15 Jun

Butterfly Shapes II

Turning from the shape of a butterfly’s path through the air to the shape of the butterfly itself, what do you notice about the shapes of the creatures you see all around you in the air?

First, it might strike you that there are so many different shapes! It seems as though every kind of butterfly is different. How can different butterflies produce such different shapes? It seems as though we ought to count the number of wings on different butterflies, because one way we might explain different shapes is by different numbers of wings.

However, if you look carefully all the butterflies around you, you will discover that they all have exactly four wings. In fact, every type of butterfly in existence has four wings. So there must be some other way they achieve such shape variation.

As you look at more butterflies, though, you will start to see certain patterns that recur, similarities among those differences. Can you find some examples?

A first, and mathematically important one, is symmetry.

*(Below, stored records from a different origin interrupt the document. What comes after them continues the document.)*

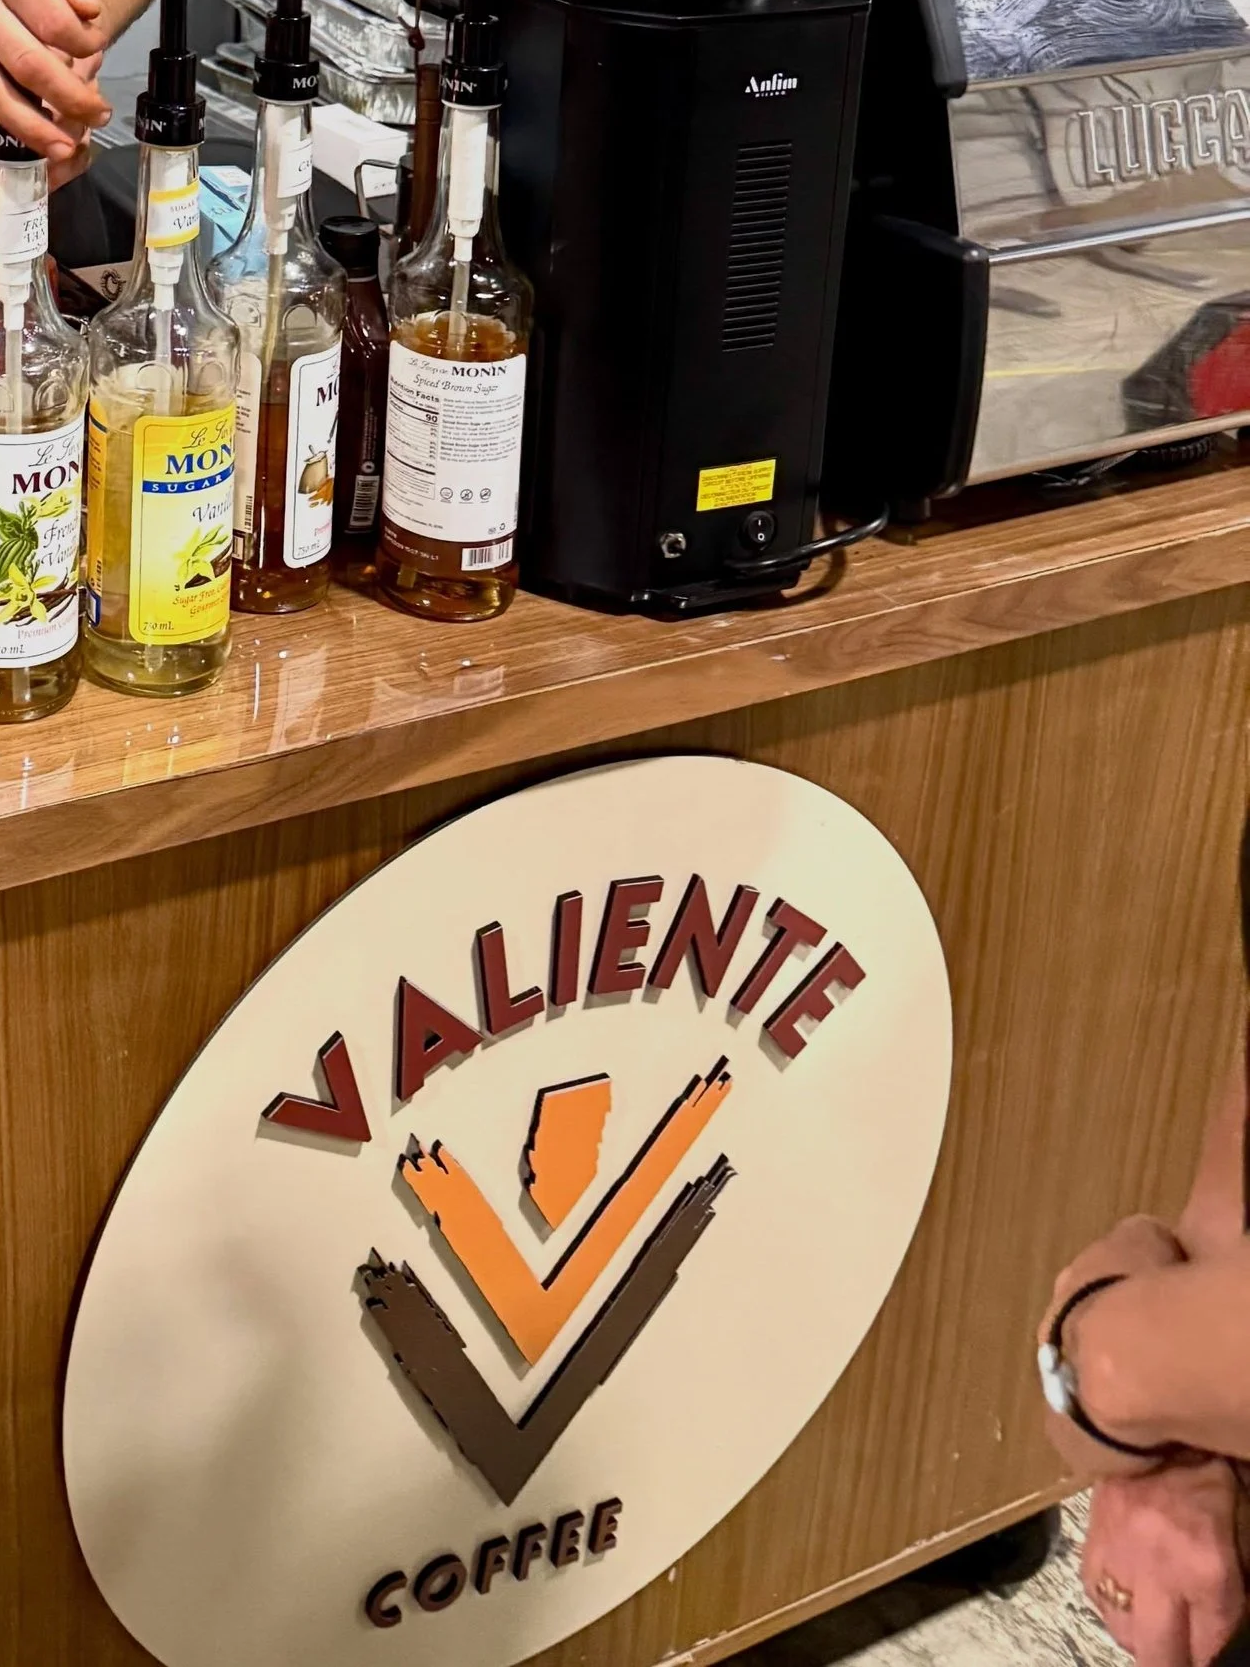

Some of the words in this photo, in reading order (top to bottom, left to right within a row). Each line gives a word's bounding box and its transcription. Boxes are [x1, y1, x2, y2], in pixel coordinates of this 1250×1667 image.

[444, 77, 477, 93] NIN
[745, 73, 798, 93] Anfim
[1080, 89, 1250, 187] LUCCA
[451, 364, 507, 377] MONIN
[413, 374, 440, 388] Spiced
[441, 380, 472, 393] Brown
[416, 389, 440, 403] Facts
[426, 413, 438, 423] 90
[182, 427, 207, 449] Le
[29, 445, 53, 467] Le
[165, 443, 234, 475] MON
[12, 460, 79, 495] MON
[152, 475, 222, 492] SUGAR
[803, 568, 854, 587] Anfim
[17, 624, 57, 640] Premium
[9, 644, 25, 655] mL
[258, 872, 867, 1143] VALIENTE
[363, 1496, 623, 1629] COFFEE

If you imagine a line through the middle of any healthy butterfly, the left and right sides are identical, just one is flipped the other way from the first. That type of pattern is called mirror or bilateral symmetry, and you will see it over and over again in the natural world.

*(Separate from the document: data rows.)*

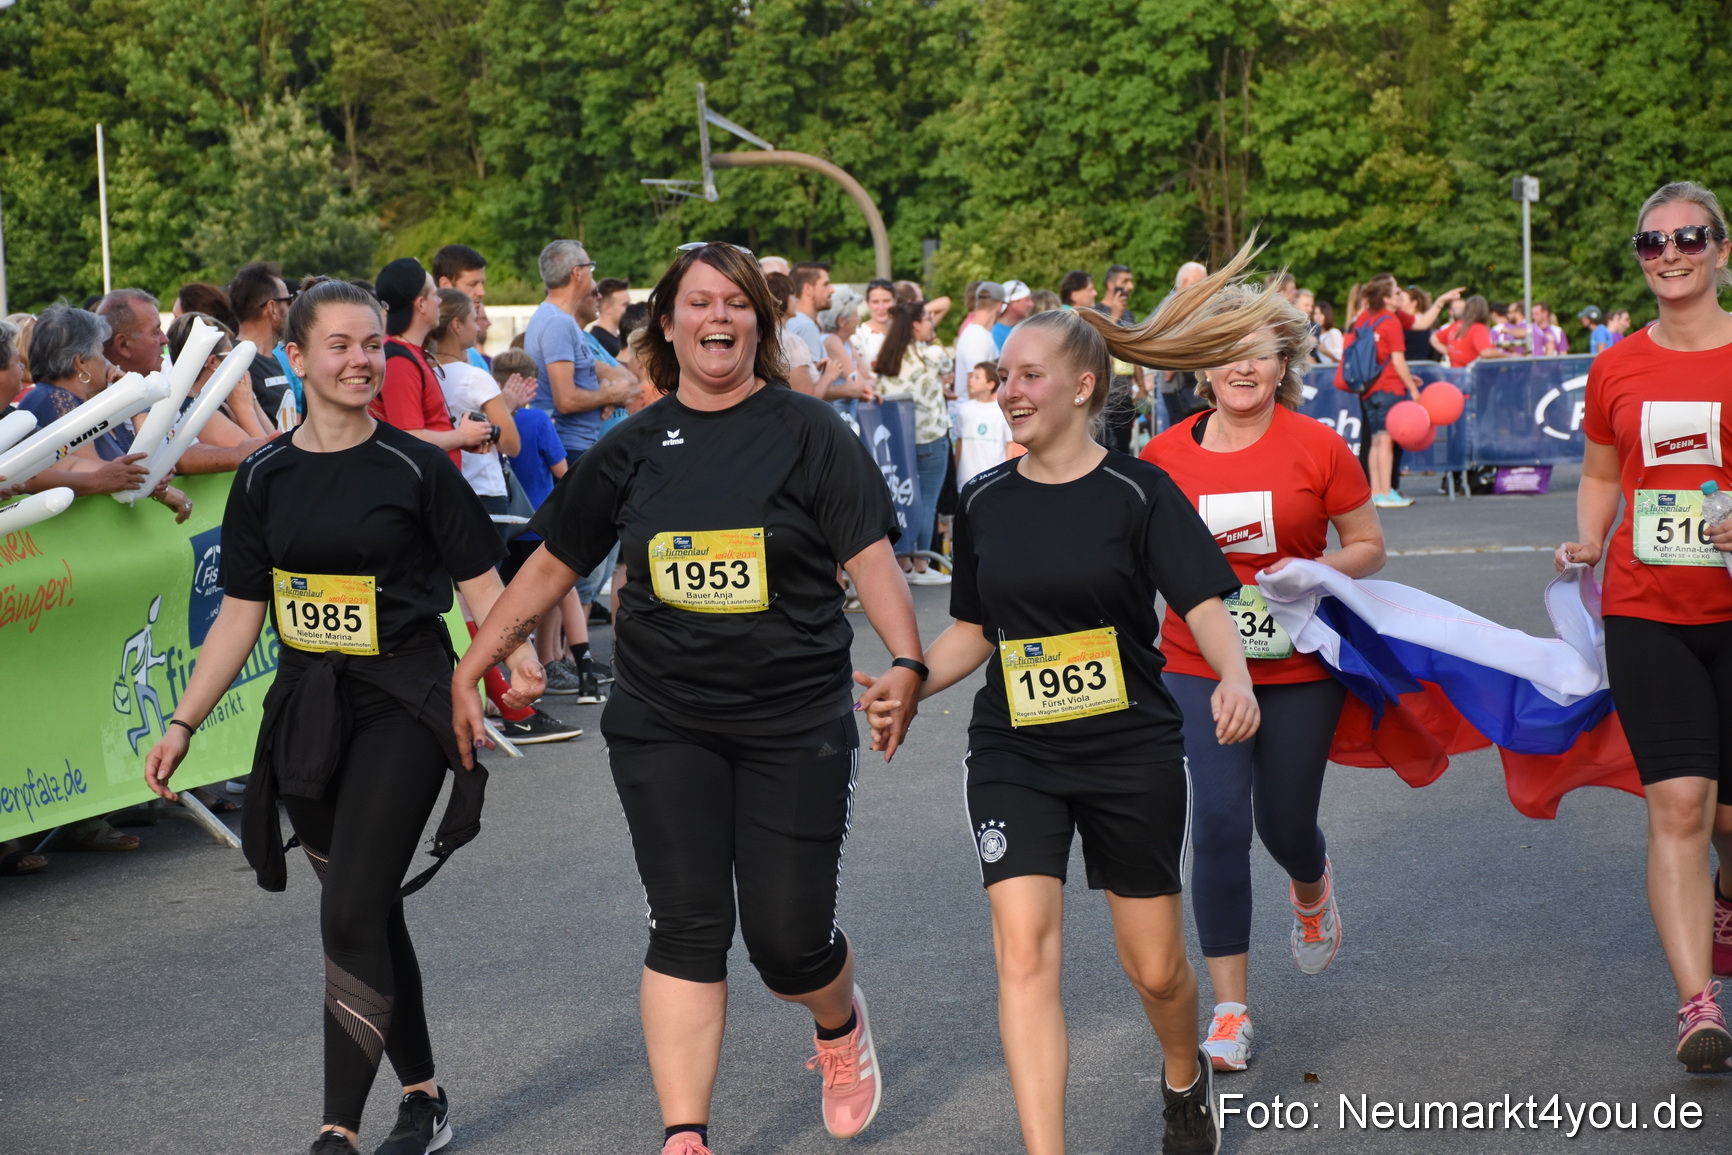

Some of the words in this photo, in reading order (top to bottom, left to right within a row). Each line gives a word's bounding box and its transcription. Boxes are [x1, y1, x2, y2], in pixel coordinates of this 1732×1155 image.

[662, 438, 684, 446] erima
[1669, 439, 1694, 450] DEHN
[1650, 504, 1692, 513] firmenlauf
[1226, 529, 1249, 543] DEHN
[665, 546, 710, 557] firmenlauf
[715, 550, 735, 559] walk
[665, 560, 750, 590] 1953
[0, 558, 74, 633] änger!
[286, 586, 324, 598] firmenlauf
[686, 591, 711, 599] Bauer
[713, 591, 733, 600] Anja
[286, 600, 362, 633] 1985
[297, 629, 324, 640] Niebler
[325, 632, 352, 641] Marina
[1249, 638, 1268, 646] Petra
[1018, 652, 1061, 664] firmenlauf
[1089, 650, 1111, 660] 2019
[1019, 661, 1106, 700] 1963
[1016, 710, 1037, 718] Regens
[1038, 708, 1060, 716] Wagner
[1061, 704, 1084, 712] Stiftung
[1085, 697, 1120, 708] Lauterhofen
[1042, 697, 1066, 708] Fürst
[1067, 695, 1090, 705] Viola
[0, 758, 87, 823] erpfalz.de

There are other more detailed patterns in the shapes of butterfly wings. You may notice that they tend to be divided into sections by the veins in the wings, and those sections tend to have a similar arrangement in different types of butterflies. For example, you may notice that there tends to be an oval section in the middle of most wings, surrounded by fairly straight sections that proceed out to the edges of the wings.

That basic structure allows you to notice some more things. For example, many types of butterflies have “tails,” or long protrusions on the back of the wings. And those tails generally seem to come from the third or fourth sections of the back wings being longer than on other butterflies that don’t have tails.

And that observation provides an essential clue about the overall shape variation of butterfly wings: by changing the lengths of all of the different sections, the basic structure of a butterfly wing can produce thousands of different shapes. See if you can figure out the “instructions” for producing different butterfly wings, in terms of stretching or compressing different sections of the wing.